Many readers do not understand why the tasks listed by Mr. Dobson are so difficult. I’ve described below how Apple might be generating its POI data for maps and provide actual examples of the challenges I’ve seen in undertaking a similar process for others.
1. Aggregating location data is hard.
For complete coverage, Apple would need to bring in two or three horizontal (core) databases for each country. For example, in the United States, a few commercial providers like Localeze, InfoGroup, Axciom, and Compass provide core data on approximately 15 million businesses. Each provider has various strengths, which is why large publishers like Apple would prefer data from more than one provider. Apple would probably want to license third-party sources in addition to collecting and curating its own data through its devices.

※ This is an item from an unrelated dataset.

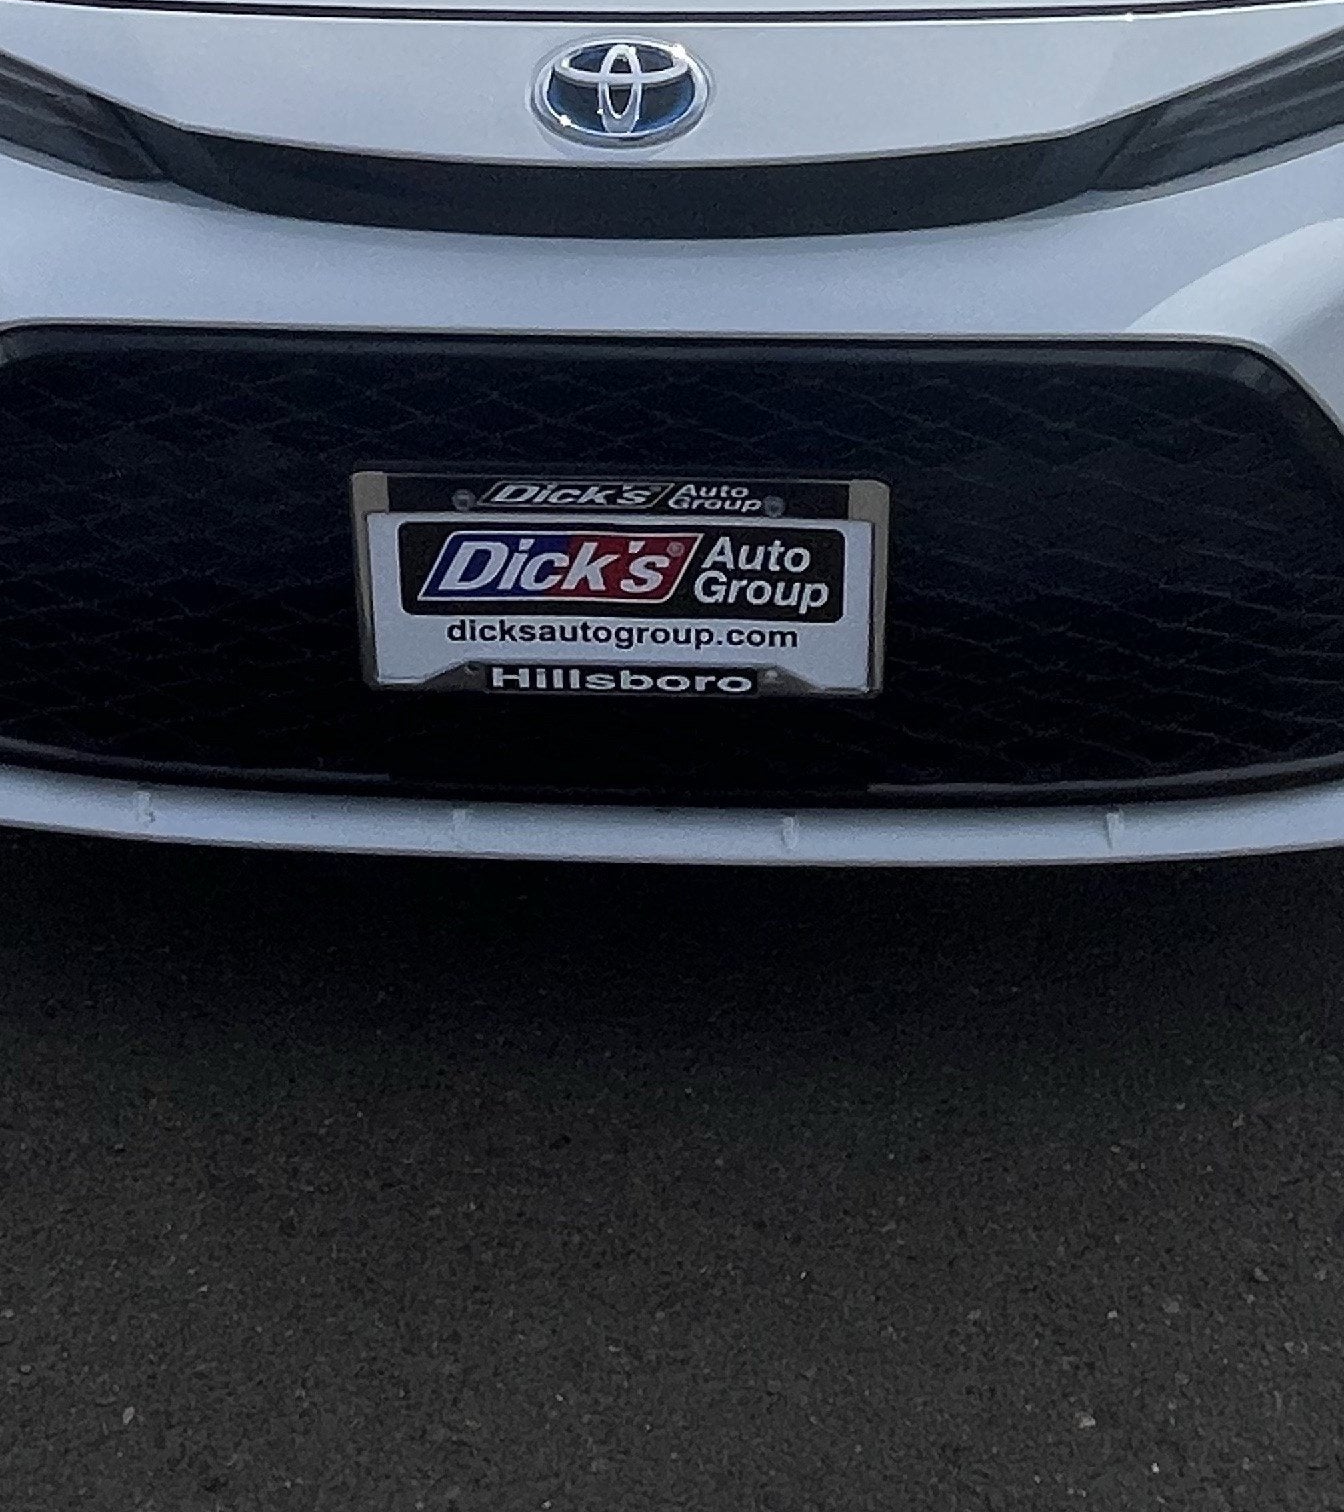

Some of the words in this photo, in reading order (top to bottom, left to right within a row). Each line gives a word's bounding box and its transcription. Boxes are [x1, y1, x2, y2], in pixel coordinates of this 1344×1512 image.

2. Aggregating vertical business data is even harder.
In addition to core data, Apple would need specialized databases on specific verticals. For example, Yelp for restaurants and retail locations and Hotels.com, TripAdvisor, HotelsCombined for hotels and lodging. Apple would also need retailer-specific data from Wal-mart, Starbucks, and other large national chains. When you build an app like Apple Maps, you need dozens of separate sources. It’s not uncommon for a large publisher or search engine to use more than 100 different data sources.
3. Standardizing data is a bigger process than expected.

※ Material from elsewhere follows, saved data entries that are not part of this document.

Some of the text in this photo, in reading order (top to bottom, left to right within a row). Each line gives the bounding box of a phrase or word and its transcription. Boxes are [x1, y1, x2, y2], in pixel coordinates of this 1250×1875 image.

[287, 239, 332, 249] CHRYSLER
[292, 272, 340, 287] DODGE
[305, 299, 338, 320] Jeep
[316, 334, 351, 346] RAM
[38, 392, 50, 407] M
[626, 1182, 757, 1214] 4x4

Once Apple has received the data, it would need to process it into a common format for their team to analyze and begin integrating. However, the providers mentioned above don’t distribute their data in a standard way. Files are often provided in complex formats, such as actual database files that make the information hard to manipulate quickly.
Each source will likely have a different format for even fields as simple as the business’ telephone number. For example, some will have phone numbers in three parts that need to be assembled (area code: 212, exchange: 555, number: 1212), unformatted (2125551212), or formatted (212-555-1212 or (212) 555-1212). The case is similar with addresses, which will also be provided in different formats.

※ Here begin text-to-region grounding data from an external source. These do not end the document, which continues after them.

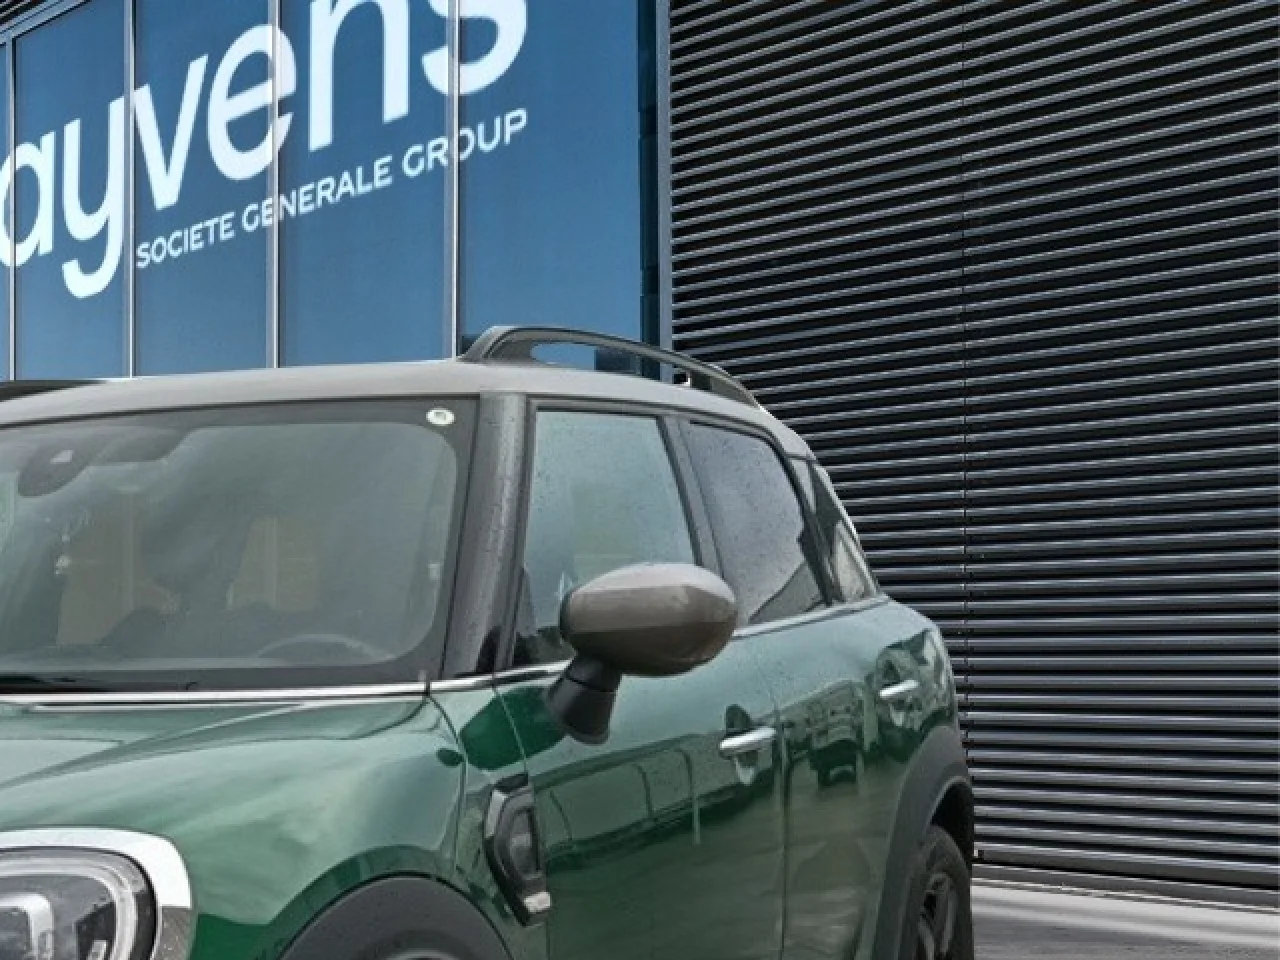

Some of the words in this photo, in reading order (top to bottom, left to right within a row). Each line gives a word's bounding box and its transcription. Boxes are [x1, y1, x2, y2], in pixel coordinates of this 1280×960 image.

[135, 211, 235, 269] SOCIETE
[241, 155, 394, 230] GENERALE
[401, 107, 527, 178] GROUP
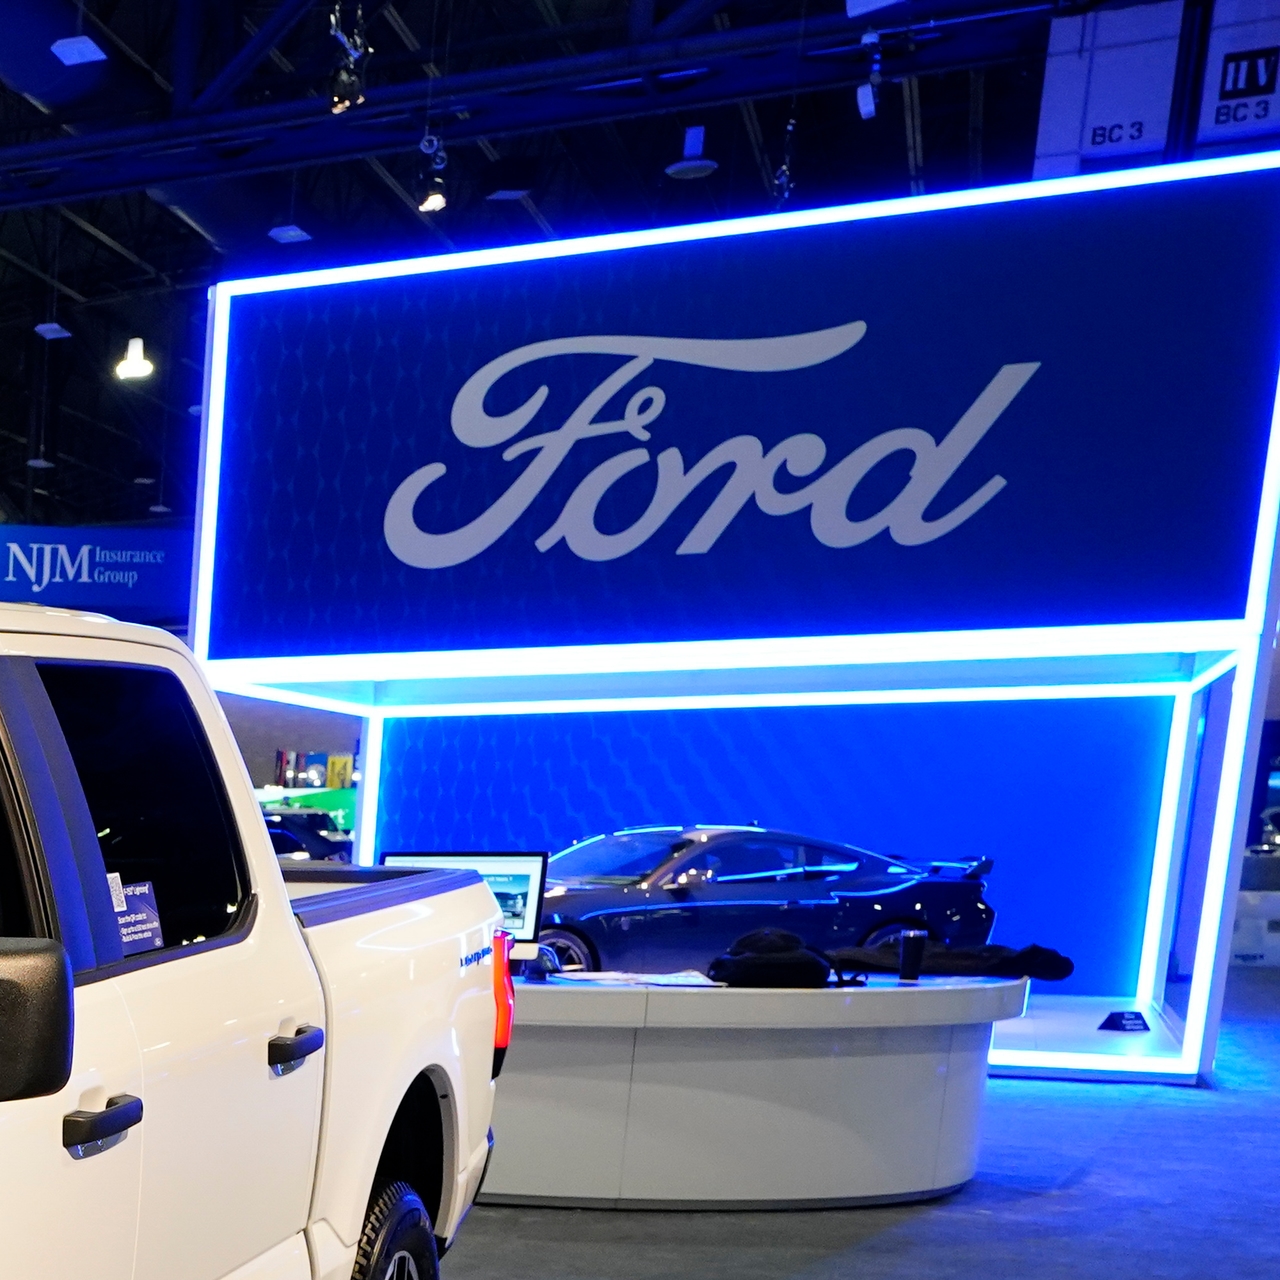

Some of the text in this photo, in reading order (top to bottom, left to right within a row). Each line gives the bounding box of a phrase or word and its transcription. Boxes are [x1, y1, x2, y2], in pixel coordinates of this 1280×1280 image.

[1215, 99, 1270, 125] BC 3
[1091, 121, 1144, 146] BC 3
[383, 319, 1041, 570] Ford
[4, 542, 165, 593] NJM Insurance
[94, 566, 138, 588] Group

Apple would also need to standardize categories. Some providers use NAICS categories, some use SIC codes, and yet others have their own proprietary categories that Apple would need to map into a common category. In many cases there will be hundreds of different fields to standardize.
In addition to standardizing the fields, Apple would need to do more to help users find the right place. Apple would need to generate additional synonyms for each place and figure out how they relate to each other. While Apple needs to do it all, some companies, to become experts, just specialize in only one of these tasks.
Setting up the infrastructure to process these data sources is also a challenge, especially if Apple wants to do real-time updates vs. weekly or monthly batch processing.
4. When matching places, for every rule, there’s an exception.
Once the data sources have been standardized, Apple’s objective would be to assemble a composite profile for each POI by selecting and merging the best info from each data source. However, before that can be done, Apple would need to identify which profiles, within each source, refer to the same real place.
To do this, Apple would need to match the POIs to a canonical or reference place. This is hard because there isn’t a common ID that can easily link profiles to the same real place. Every provider will also have a different name, address, latitude/longitude, etc. for the same real place. For example:
Days Inn Cedar Point South Milan (Ohio)
11410 State Rt 250, Milan (Ohio), Ohio
Sandusky Days Inn Cedar Point South Turnpike
11410 SR 250, Milan, Ohio
Unfortunately for Apple, matching is time-consuming to analyze data, identify exceptions and improve the system. It requires a complex algorithm that needs profile details, crowdsourced info, and machine learning and reporting tools. Many parts need to be resolved in sequence so it isn’t a task where 30 developers will finish 30 times sooner than one developer.
Issues I’ve seen include:
Addresses that are difficult for a computer to understand: “Unit 6-7 The Epicurean Food Hall, Middle Abbey Street, Dublin, Ireland”
Places within places: “Grille 700 – Baltimore Marriott Waterfront” is a restaurant and shouldn’t be matched to the hotel “Marriott” at the same address.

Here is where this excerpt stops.